Recess! What a glorious thing. There are a lot of life lessons that you can learn during recess. You also get a chance to see curious characteristics of our human traits on display. One particularly interesting observation my mom made was the power of fences. Having had the opportunity to work in many schools with different playgrounds, she noticed that when kids went out to play, if there was no fence, the kids would huddle together, close to the building or by the door. Nobody ventured out very far. When there was a fence, the kids would scatter and run all the way out to the edges, running up and down the fence line. Why is that?

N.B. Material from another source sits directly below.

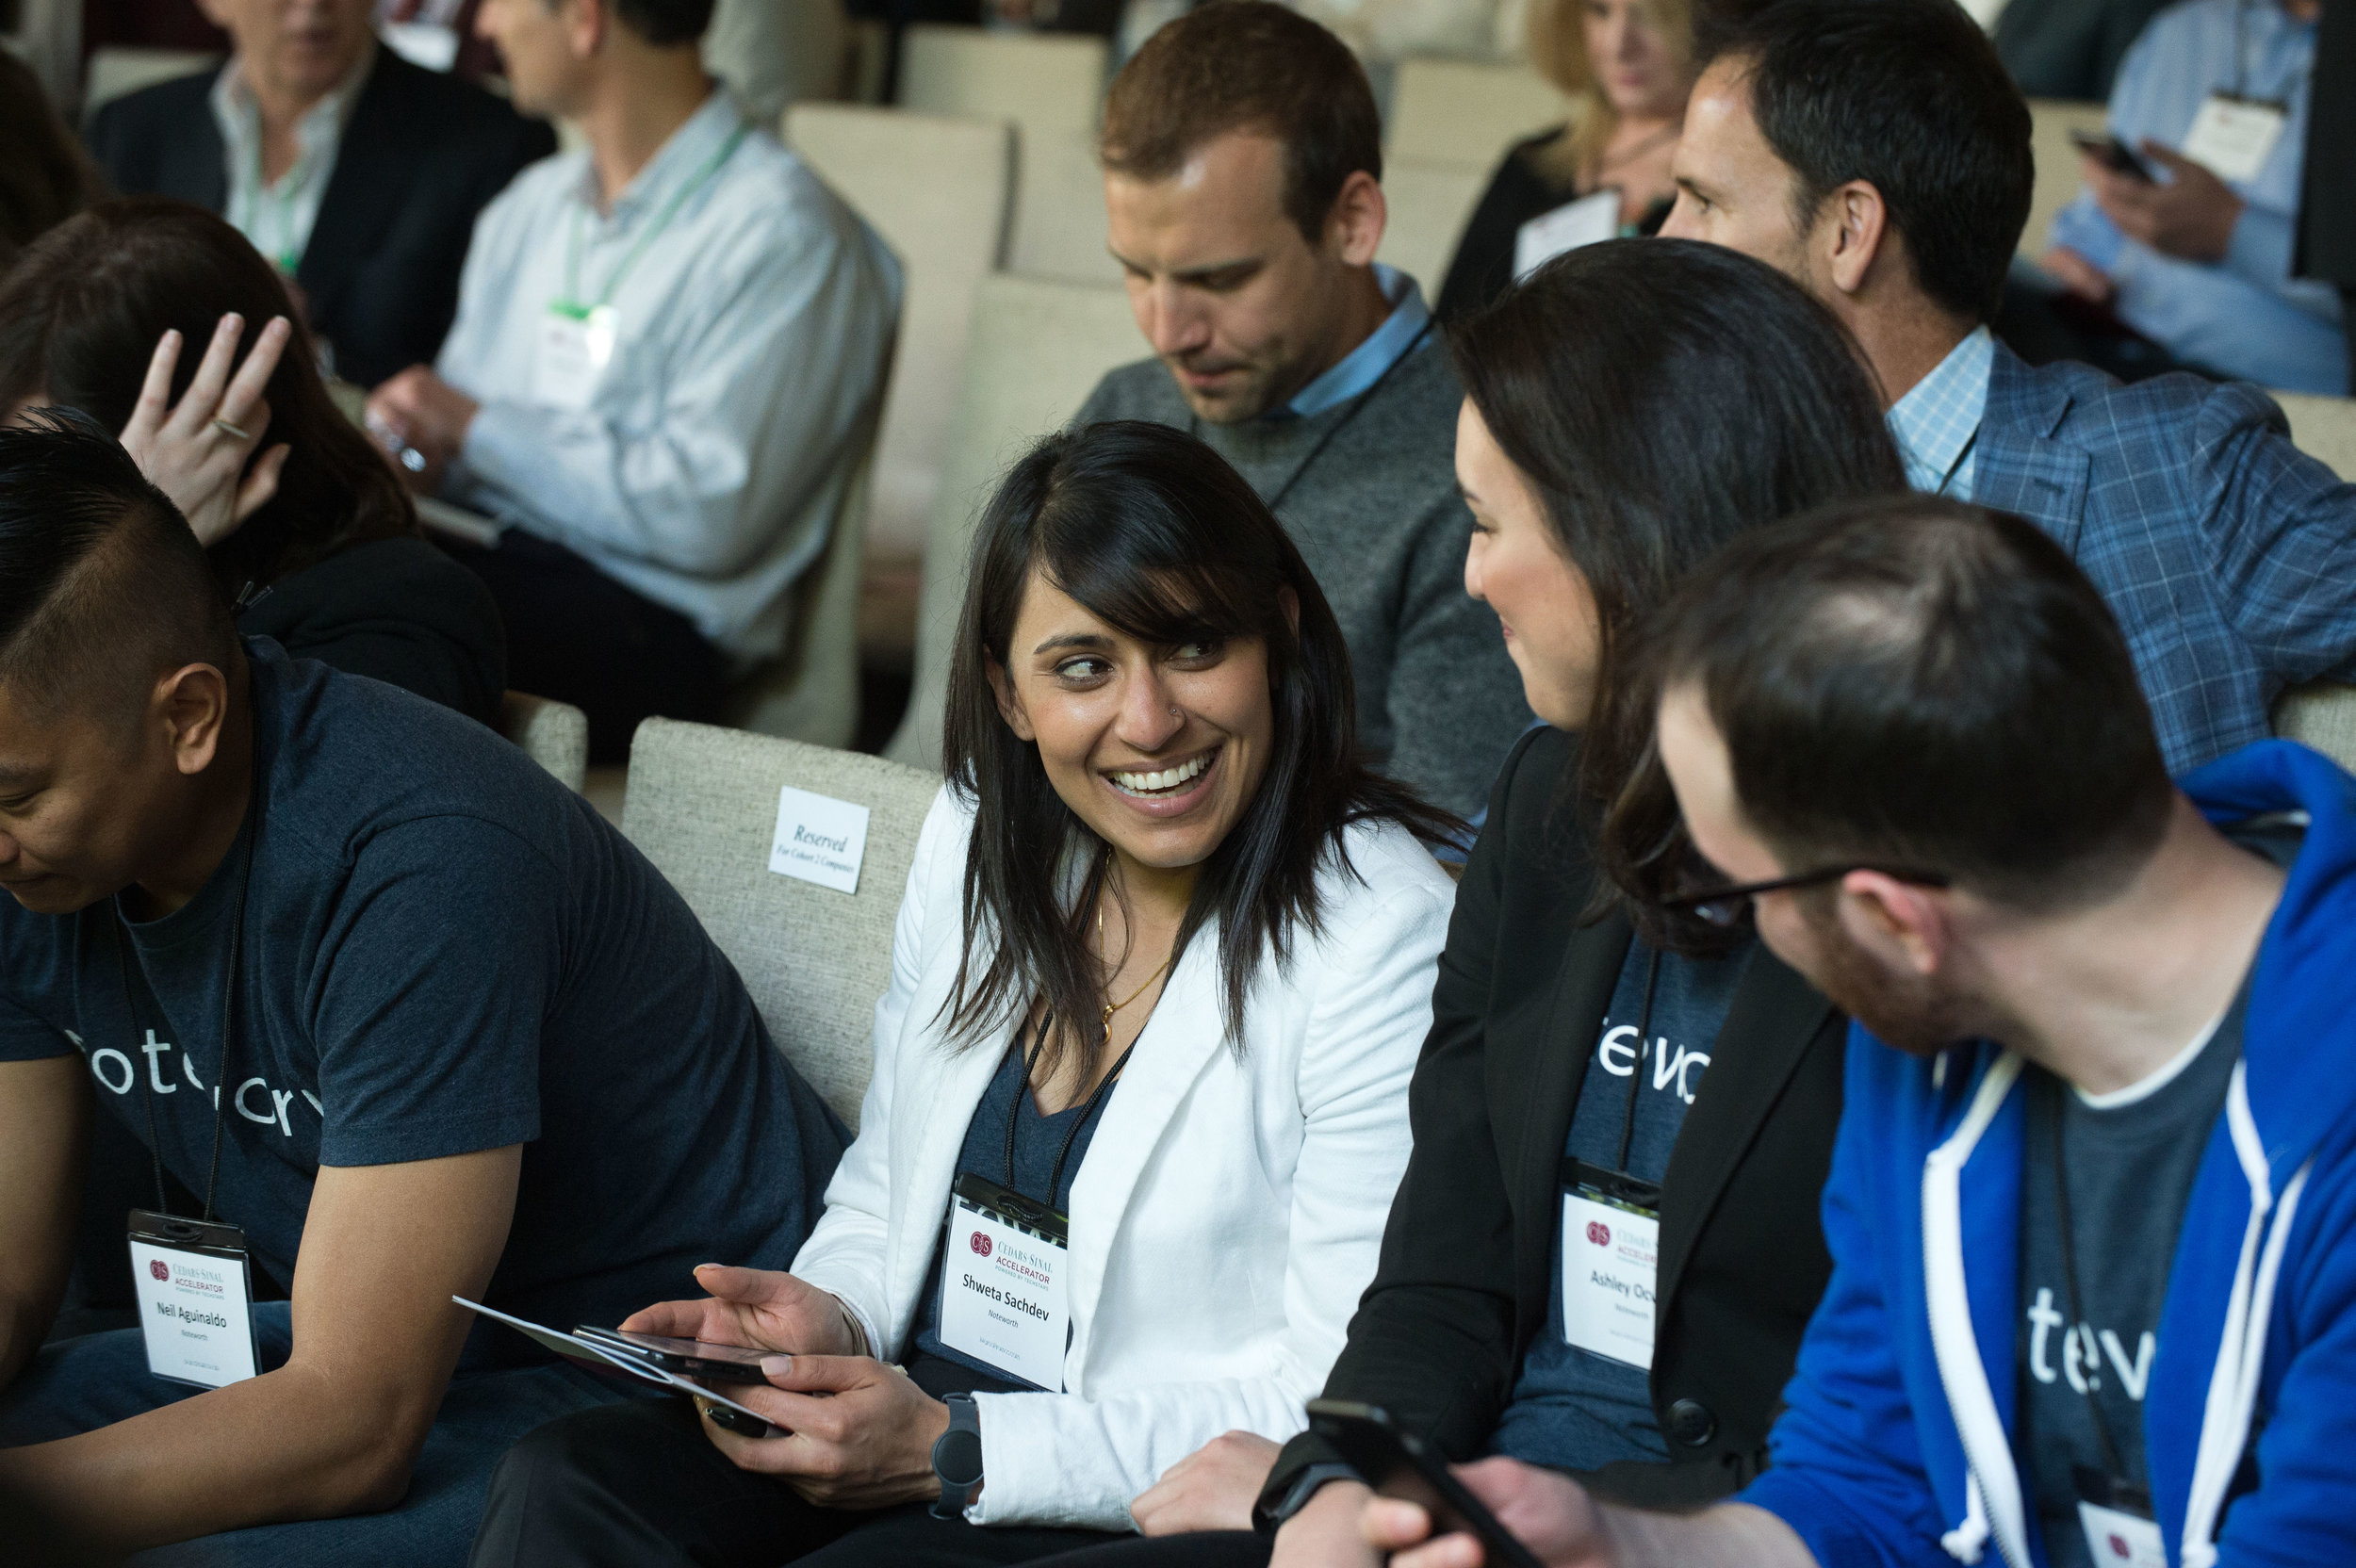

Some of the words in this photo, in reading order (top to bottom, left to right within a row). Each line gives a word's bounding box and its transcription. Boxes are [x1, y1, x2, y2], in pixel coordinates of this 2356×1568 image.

For those kids, the fences created a sense of safety, confidence and certainty. With that in place, the kids used the entire space to explore, create adventures and have fun together. I believe there is a good leadership lesson here. We often talk about unleashing the potential of our team by empowering individuals to creatively solve problems, take on responsibility and innovate. A good leader can help us manage the unknowns by bringing clarity, direction, and expectations. They also promote psychological safety by establishing a culture that avoids the blame game, encourages risk and values continuous learning. Those structures help us navigate, explore and create results without fences. But that is only part of the story.
The leadership lesson here also applies to us individually. So much of our life and the world we live in has no fences. It can be intimidating. Our human tendencies, evoking survival instincts at times, will be to huddle close to what we know, where we feel safe, secure, confident and comfortable. But if we do that, we miss out on the greater prospects and the rewards that can be waiting for us. We need to take bold risks. We should gather our courage and set out on an adventure into the unknown. Experimenting, exploring, discovering, creating, solving and ultimately enjoying greater outcomes than we would otherwise.
Spend some time this week in recess! Examine your fence line. Ask yourself, what is helpful and what isn’t. Take a brave step and go beyond, explore outside the fences and enjoy our spectacular world. And, hopefully, you won’t end up in my mom’s classroom.